Myocardial perfusion is commonly studied based on the evaluation of the left ventricular function using stress-rest gated myocardial perfusion single photon emission computed tomography (GSPECT), which provides a suitable identification of the myocardial region, facilitating the localization and characterization of perfusion abnormalities. The prevalence and clinical predictors of myocardial ischemia and infarct can be assessed from GSPECT images. Here, techniques of image analysis, namely image segmentation and registration, are integrated to automatically extract a set of features from myocardial perfusion SPECT images that are automatically classified as related to myocardial perfusion disorders or not. The solution implemented can be divided into two main parts: 1) building of a template image, segmentation of the template image and computation of its dimensions; 2) registration of the image under study with the template image previously built, extraction of the image features, statistical analysis and classification. It should be noted that the first step just needs to be performed once for a particular population. Hence, algorithms of image segmentation, registration and classification were used, specifically of k-means clustering, rigid and deformable registration and classification.
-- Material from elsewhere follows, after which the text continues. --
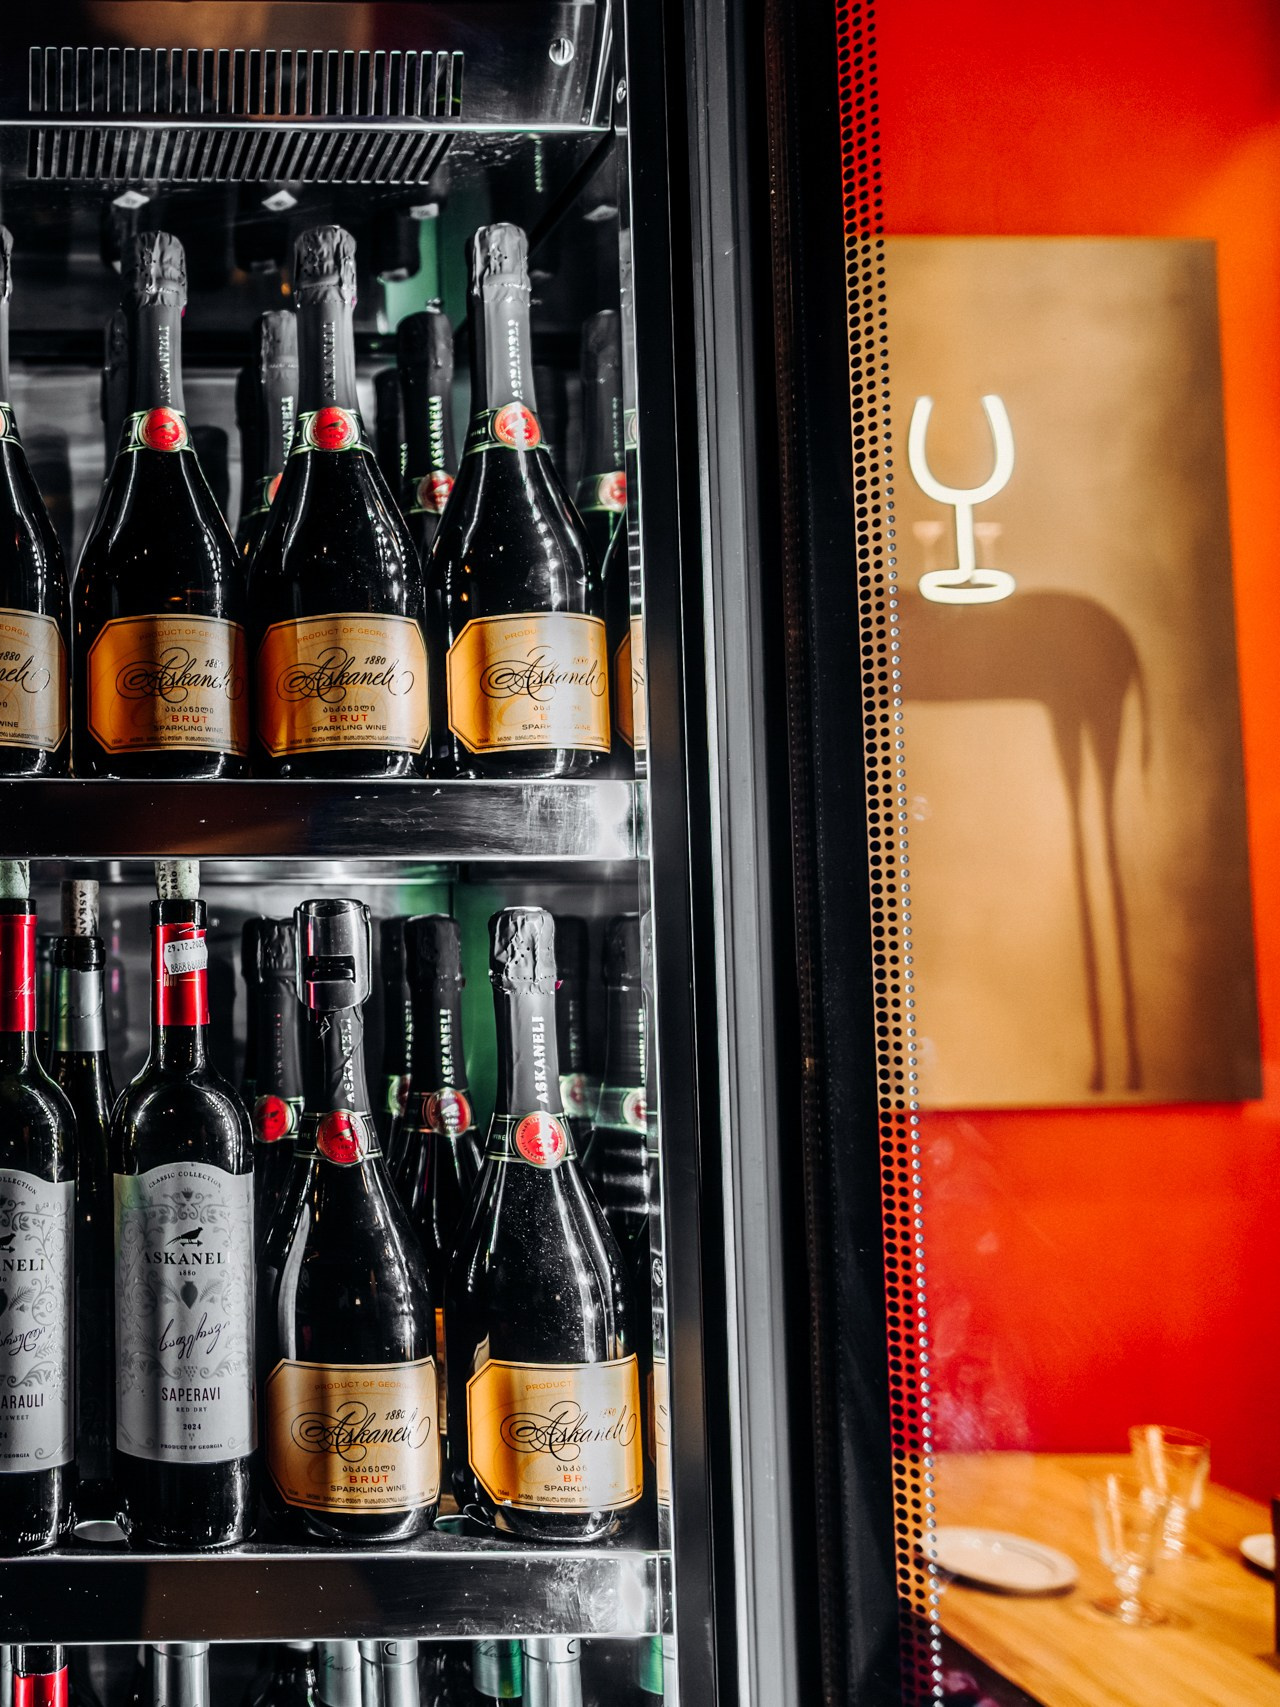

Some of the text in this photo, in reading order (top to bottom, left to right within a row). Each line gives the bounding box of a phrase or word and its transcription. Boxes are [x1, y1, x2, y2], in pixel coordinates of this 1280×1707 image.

The computational solution developed was tested using 180 3D images from 48 patients with healthy cardiac condition and 72 3D images from 12 patients with cardiac diseases, which were reconstructed using the filtered back projection algorithm and a low pass Butterworth filter or iterative algorithms. The images were classified into two classes: “abnormality present” and “abnormality not present”. The classification was assessed using five parameters: sensitivity, specificity, precision, accuracy and mean error rate. The results obtained shown that the solution is effective, both for female and male cardiac SPECT images that can have very different structural dimensions. Particularly, the solution demonstrated reasonable robustness against the two major difficulties in SPECT image analysis: image noise and low resolution. Furthermore, the classifier used demonstrated good specificity and accuracy, Table 1.